When Lanky Pugh complained that he didn’t understand, Chornyak put it into words of one syllable for them. Say a human being sees the sun come up, and wants to express that perception to another human being. The shape he gives that expression, in sound or any other mode, is a lexicalization. Human beings can presumably either find a lexicalization or coin one for any human experience, or any humanoid experience. But whatever these children were perceiving and experiencing, they either had no lexicalizations available to them for those perceptions and experiences, or they were using a mode of lexicalization that was literally impossible for human beings to recognize.

“Such as?” Dolbe had asked.

“Hell, I don’t know. How do you expect me to give you, in words, an example of a perception for which there are no words?

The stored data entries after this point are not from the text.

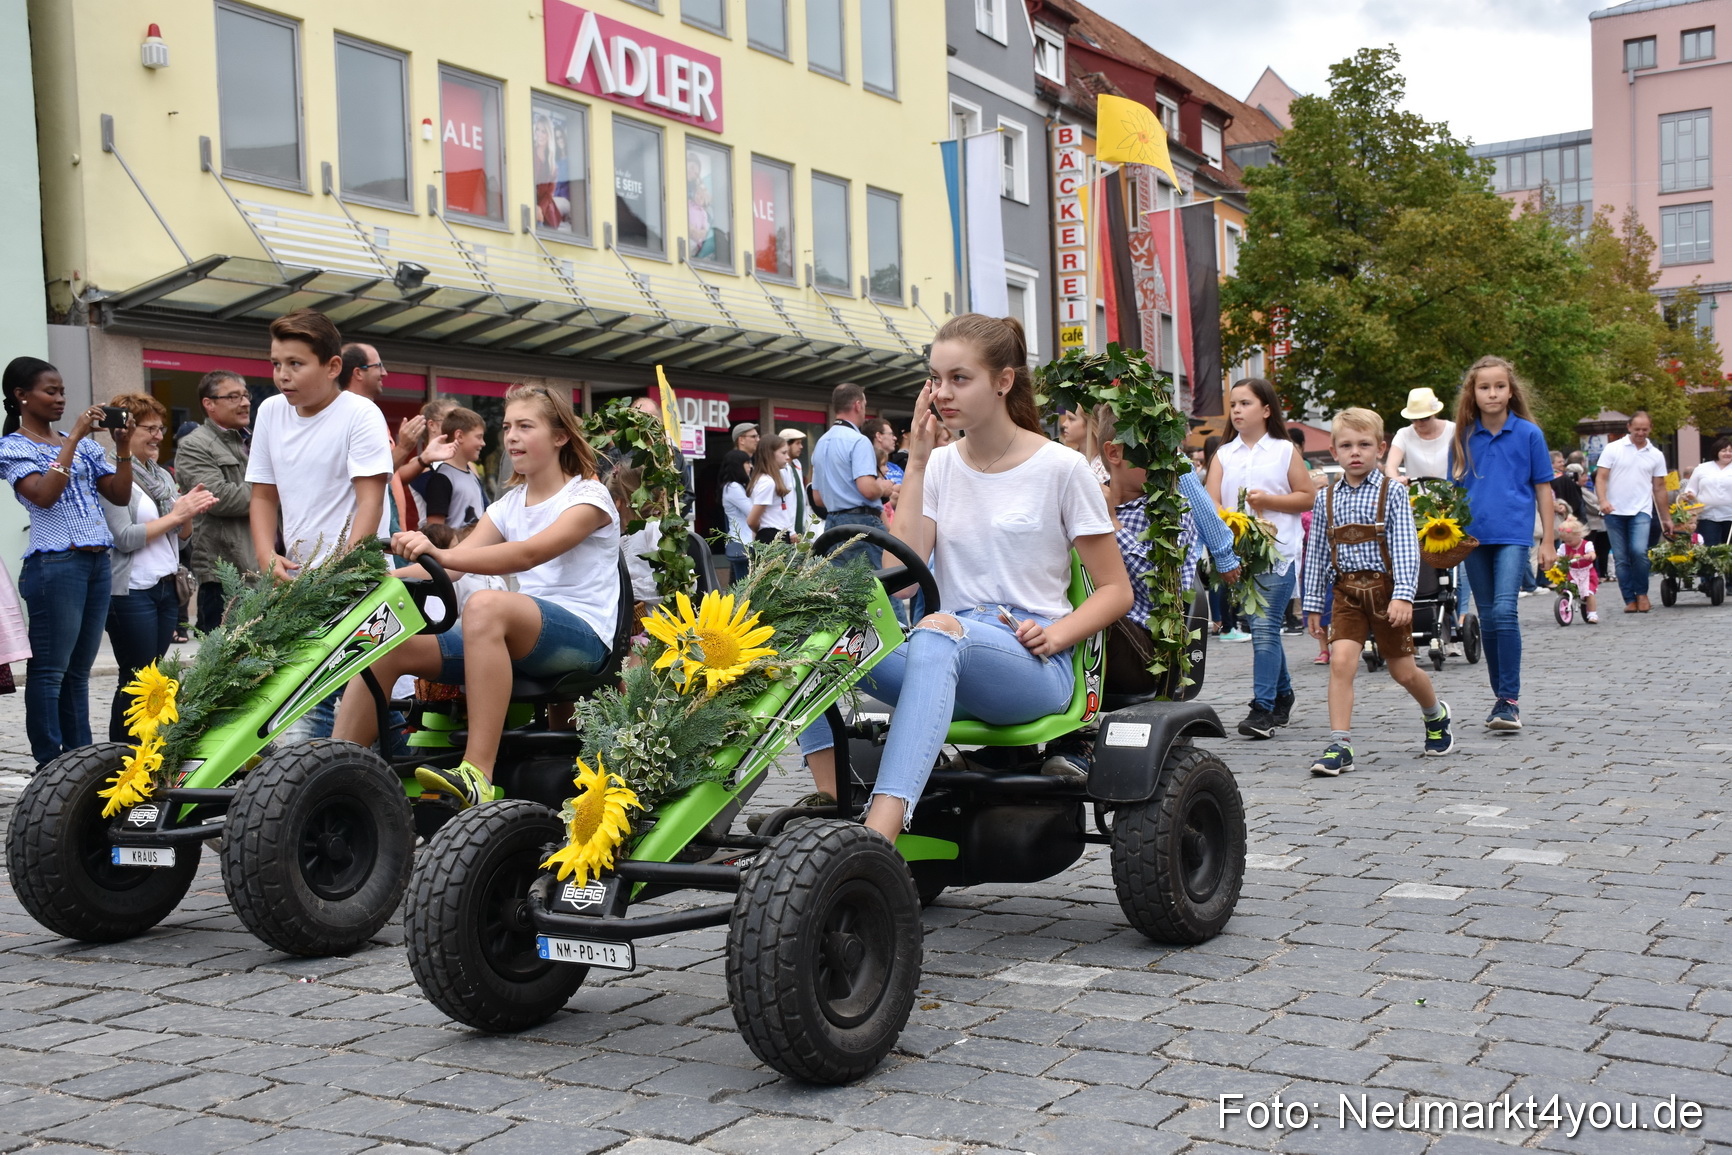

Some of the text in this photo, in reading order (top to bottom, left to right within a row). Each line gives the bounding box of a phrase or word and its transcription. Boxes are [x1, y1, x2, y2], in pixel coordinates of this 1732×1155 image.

[565, 11, 718, 122] ADLER
[622, 178, 643, 194] SEITE
[1058, 128, 1077, 319] BÄCKEREI
[1061, 328, 1083, 344] café
[132, 850, 158, 863] KRAUS
[564, 887, 603, 900] BERG

I could give you a rather strained analogy.”

“Please do.”

“Say they were communicating quite normally in English, but made sounds at frequencies the human ear is incapable of hearing… that wouldn’t be precisely English, Dolbe, but let it go at that. Or say that whatever physical means they were employing to produce the words of American Sign Language were carried out at a speed so fast that the human eye was incapable of seeing it happen. That’s not it, Dolbe — it’s quite a different matter, because those would be approximately physiological problems — but perhaps it will serve as an analogy. The effects would presumably be the same.”